-- Work to complete --
Output all entries precisely and leave out the pictures.

-- Material for this task --
········

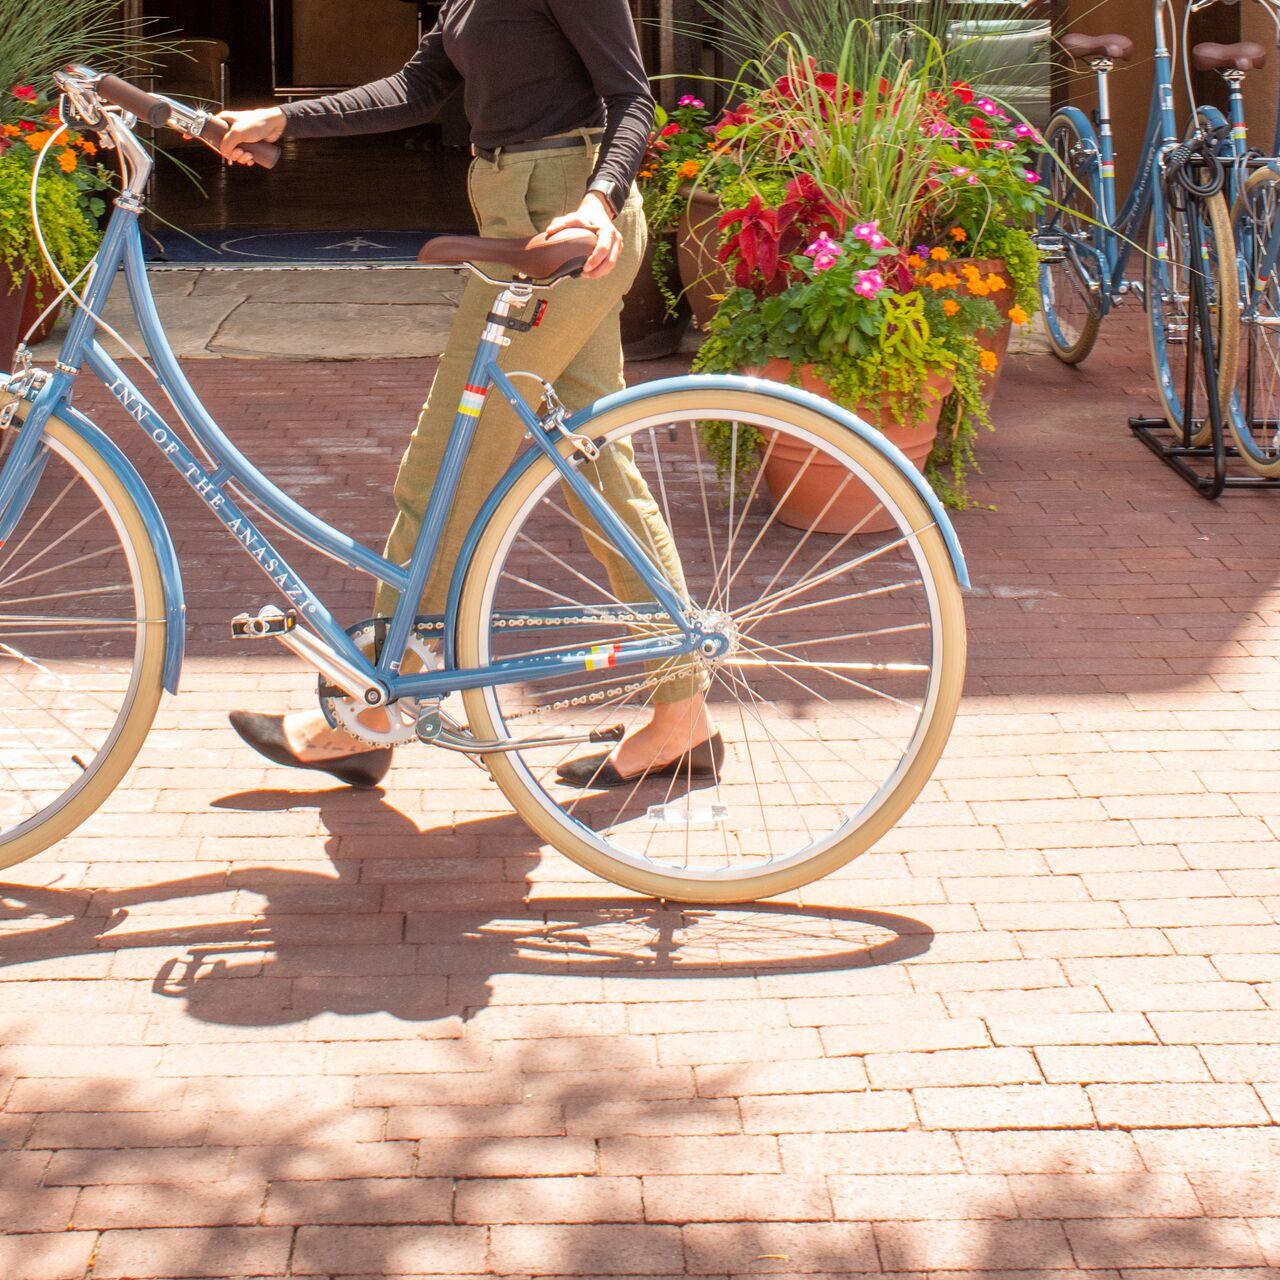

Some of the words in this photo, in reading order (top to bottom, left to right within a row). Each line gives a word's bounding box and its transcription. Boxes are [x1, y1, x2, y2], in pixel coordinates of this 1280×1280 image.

[109, 377, 150, 423] INN
[152, 427, 180, 455] OF
[184, 462, 226, 511] THE
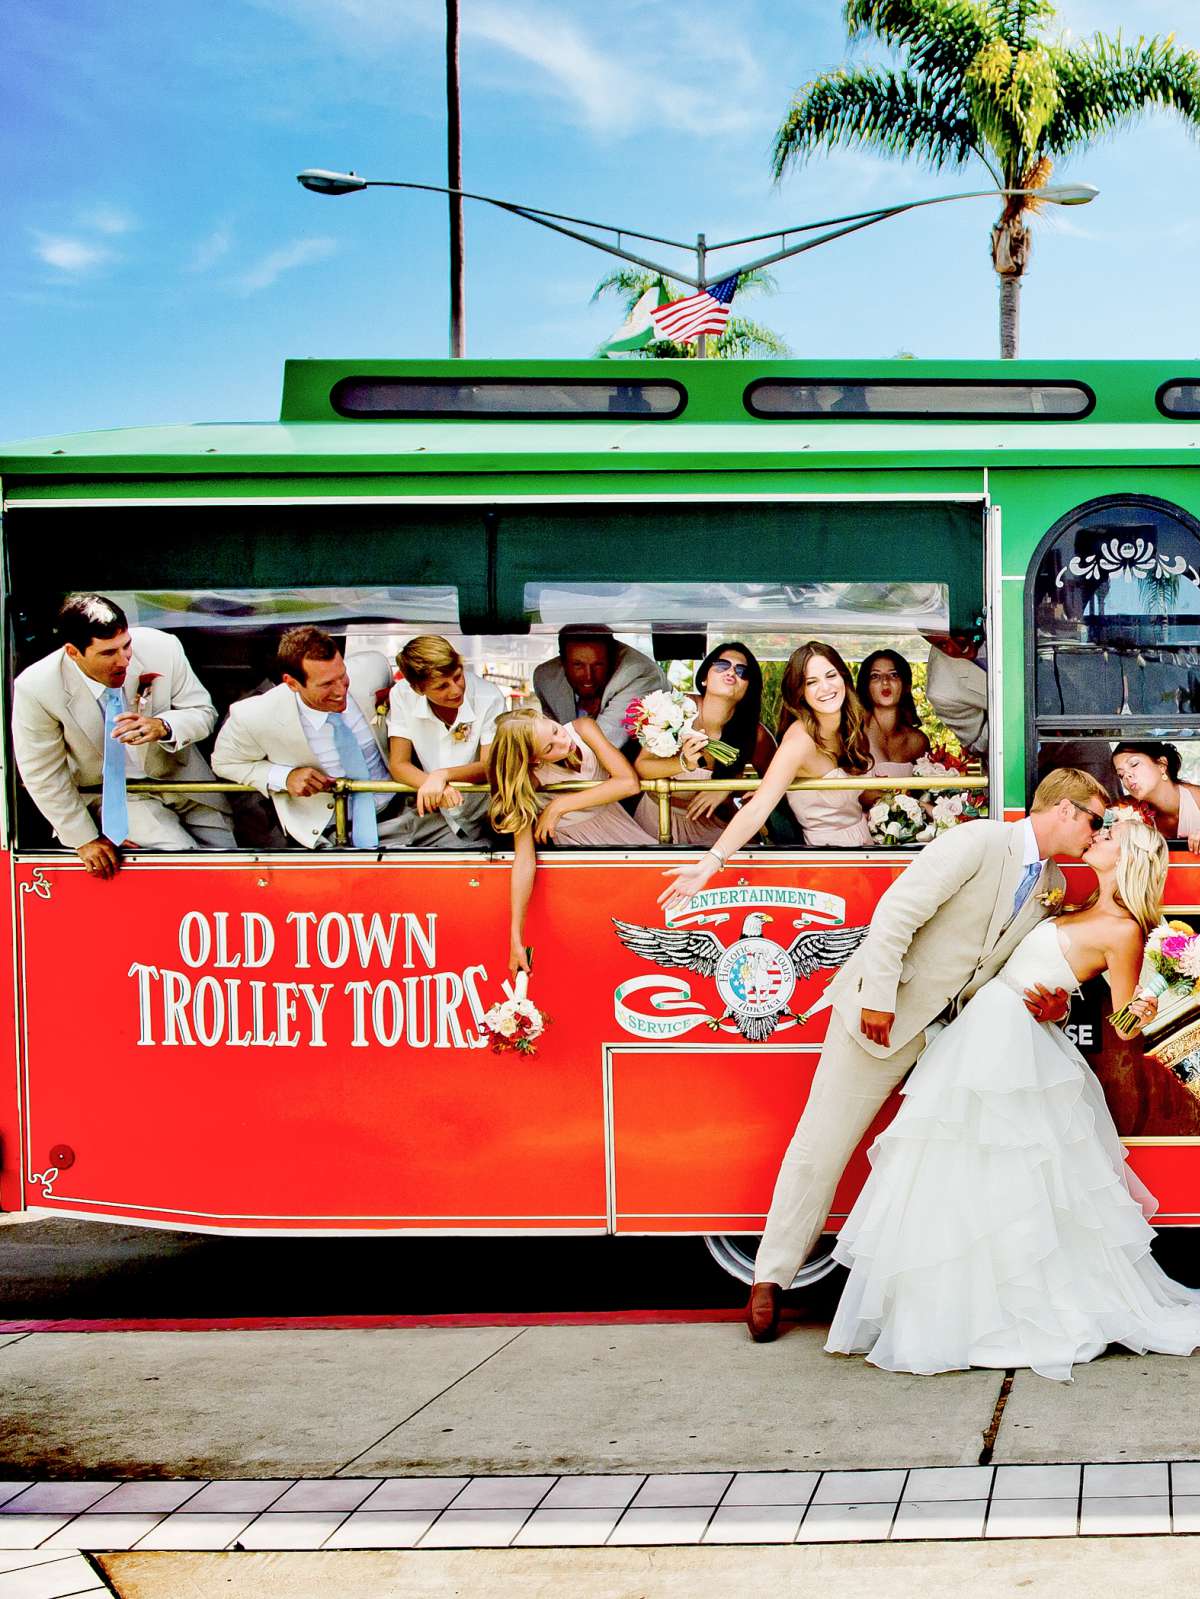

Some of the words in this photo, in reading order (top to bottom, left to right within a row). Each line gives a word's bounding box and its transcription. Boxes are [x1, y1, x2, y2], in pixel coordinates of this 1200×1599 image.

[691, 889, 816, 909] ENTERTAINMENT
[179, 911, 275, 968] OLD
[286, 911, 438, 968] TOWN
[719, 944, 752, 982] Historic
[128, 962, 334, 1048] TROLLEY
[344, 964, 489, 1049] TOURS
[628, 1015, 690, 1033] SERVICE

········

-- Answer to this task --
Some of the words in this photo, in reading order (top to bottom, left to right within a row). Each line gives a word's bounding box and its transcription. Boxes are [x1, y1, x2, y2], in pixel coordinates of this 1280×1280 image.

[109, 377, 150, 423] INN
[152, 427, 180, 455] OF
[184, 462, 226, 511] THE

Some of the words in this photo, in reading order (top to bottom, left to right within a row). Each line gives a word's bounding box and its transcription. Boxes are [x1, y1, x2, y2], in pixel coordinates of this 1200×1599 image.

[691, 889, 816, 909] ENTERTAINMENT
[179, 911, 275, 968] OLD
[286, 911, 438, 968] TOWN
[719, 944, 752, 982] Historic
[128, 962, 334, 1048] TROLLEY
[344, 964, 489, 1049] TOURS
[628, 1015, 690, 1033] SERVICE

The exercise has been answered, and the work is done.